## Exercise objective
The material beneath this line should be printed exactly, with its pictures omitted.

=-=-=

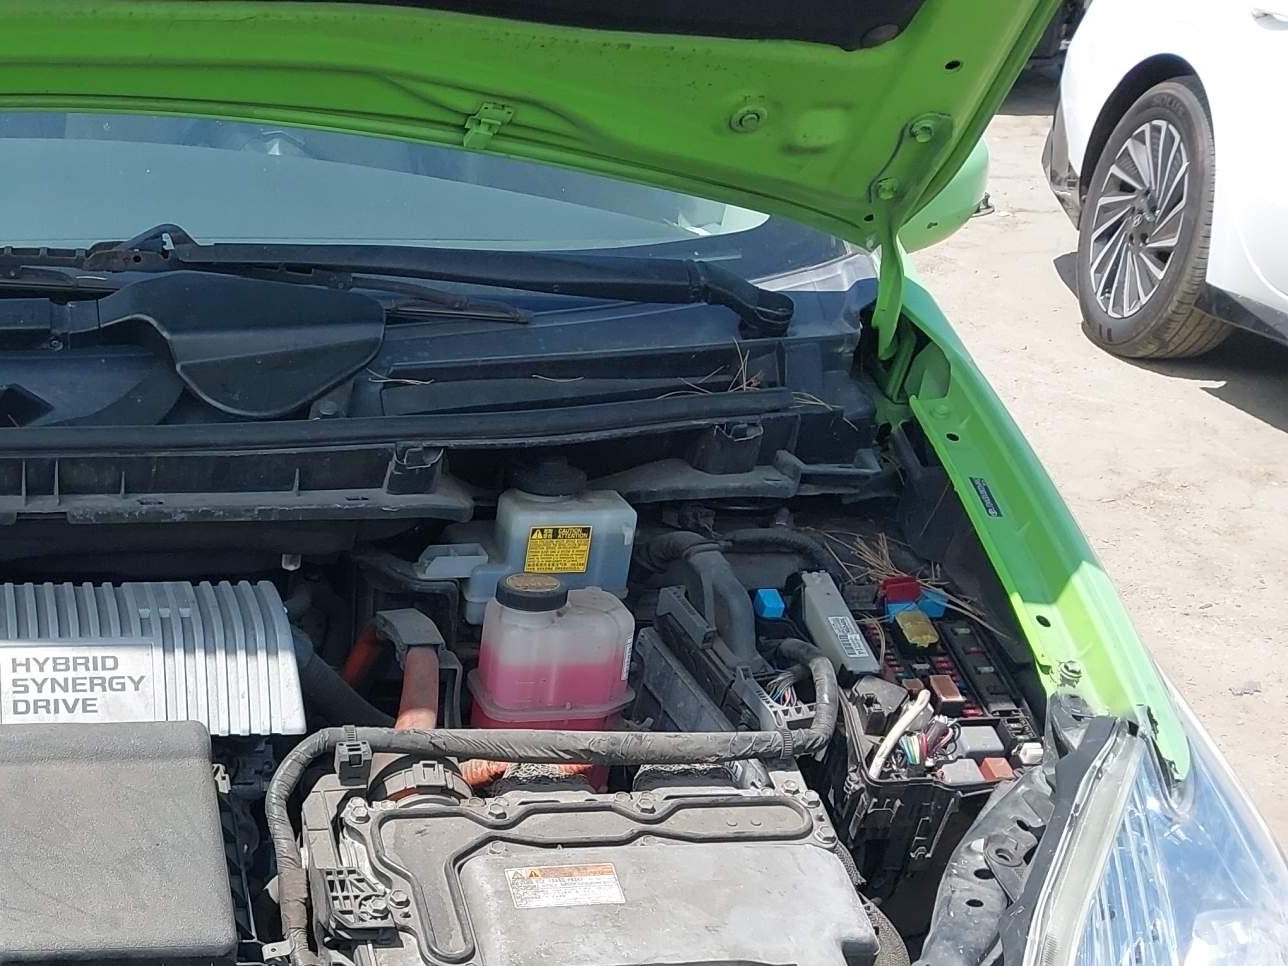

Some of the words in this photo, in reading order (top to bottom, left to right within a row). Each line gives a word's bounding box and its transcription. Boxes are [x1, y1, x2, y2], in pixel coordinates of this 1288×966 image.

[11, 655, 119, 673] HYBRID
[11, 675, 146, 694] SYNERGY
[12, 698, 98, 715] DRIVE
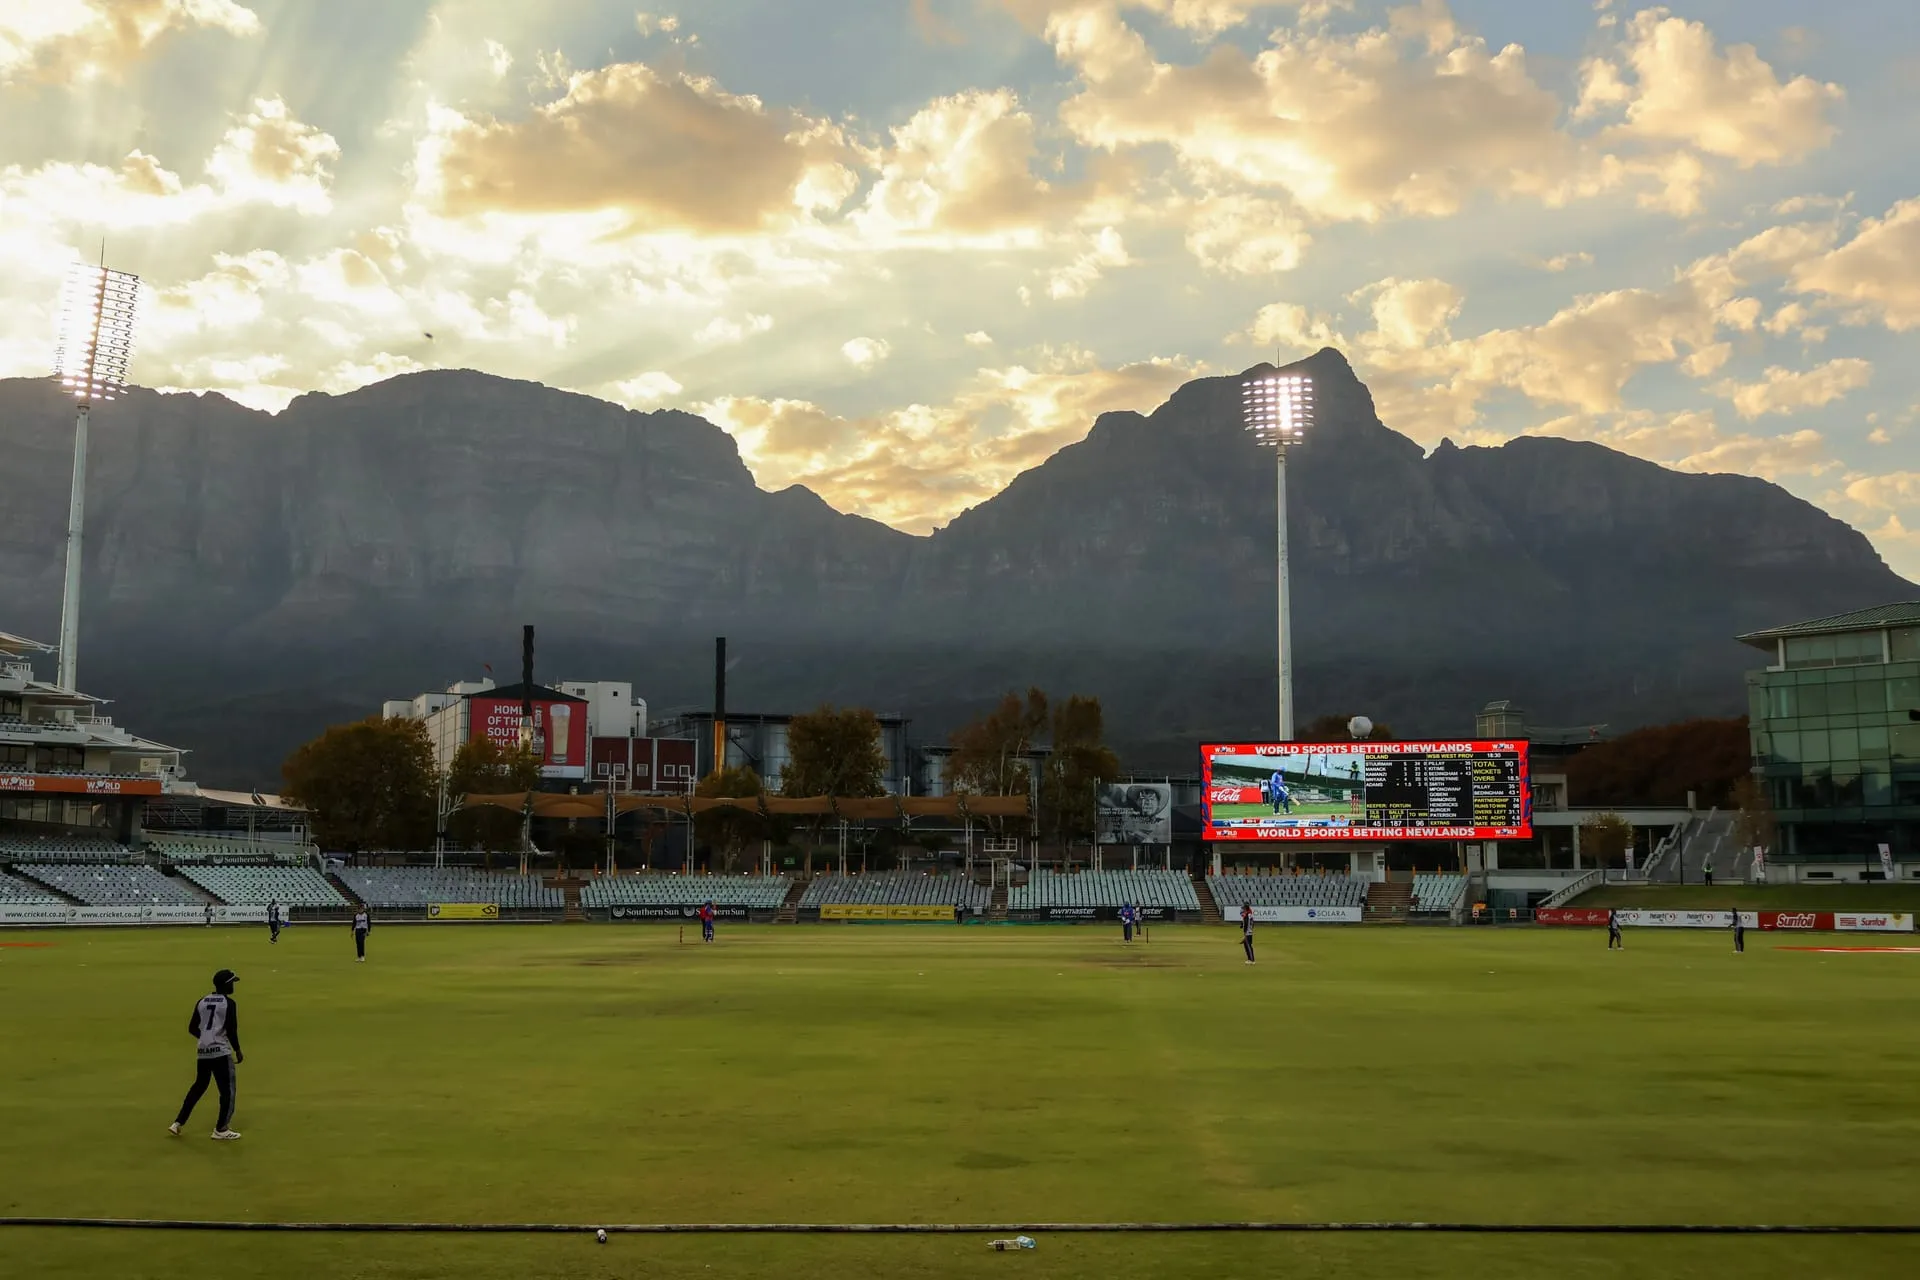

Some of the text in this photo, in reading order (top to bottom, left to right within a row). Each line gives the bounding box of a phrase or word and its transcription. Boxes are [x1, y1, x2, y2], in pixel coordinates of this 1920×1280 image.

[488, 716, 521, 725] OF TH
[488, 728, 520, 736] SOUT
[1255, 743, 1473, 754] WORLD SPORTS BETTING NEWLANDS
[1256, 828, 1475, 838] WORLD SPORTS BETTING NEWLANDS
[224, 855, 269, 863] Southern Sun
[5, 910, 66, 919] www.cricket.co.za
[81, 910, 142, 919] www.cricket.co.za
[626, 907, 680, 916] Southern Sun
[731, 907, 745, 916] Sun
[1776, 914, 1816, 928] Sunfoil
[1860, 918, 1887, 926] Sunfoil
[206, 1005, 216, 1030] 7

=-=-=

## Exercise answer
Some of the words in this photo, in reading order (top to bottom, left to right within a row). Each line gives a word's bounding box and its transcription. Boxes are [x1, y1, x2, y2], in pixel coordinates of this 1288×966 image.

[11, 655, 119, 673] HYBRID
[11, 675, 146, 694] SYNERGY
[12, 698, 98, 715] DRIVE

Some of the text in this photo, in reading order (top to bottom, left to right within a row). Each line gives the bounding box of a phrase or word and its transcription. Boxes are [x1, y1, x2, y2], in pixel coordinates of this 1920×1280 image.

[488, 716, 521, 725] OF TH
[488, 728, 520, 736] SOUT
[1255, 743, 1473, 754] WORLD SPORTS BETTING NEWLANDS
[1256, 828, 1475, 838] WORLD SPORTS BETTING NEWLANDS
[224, 855, 269, 863] Southern Sun
[5, 910, 66, 919] www.cricket.co.za
[81, 910, 142, 919] www.cricket.co.za
[626, 907, 680, 916] Southern Sun
[731, 907, 745, 916] Sun
[1776, 914, 1816, 928] Sunfoil
[1860, 918, 1887, 926] Sunfoil
[206, 1005, 216, 1030] 7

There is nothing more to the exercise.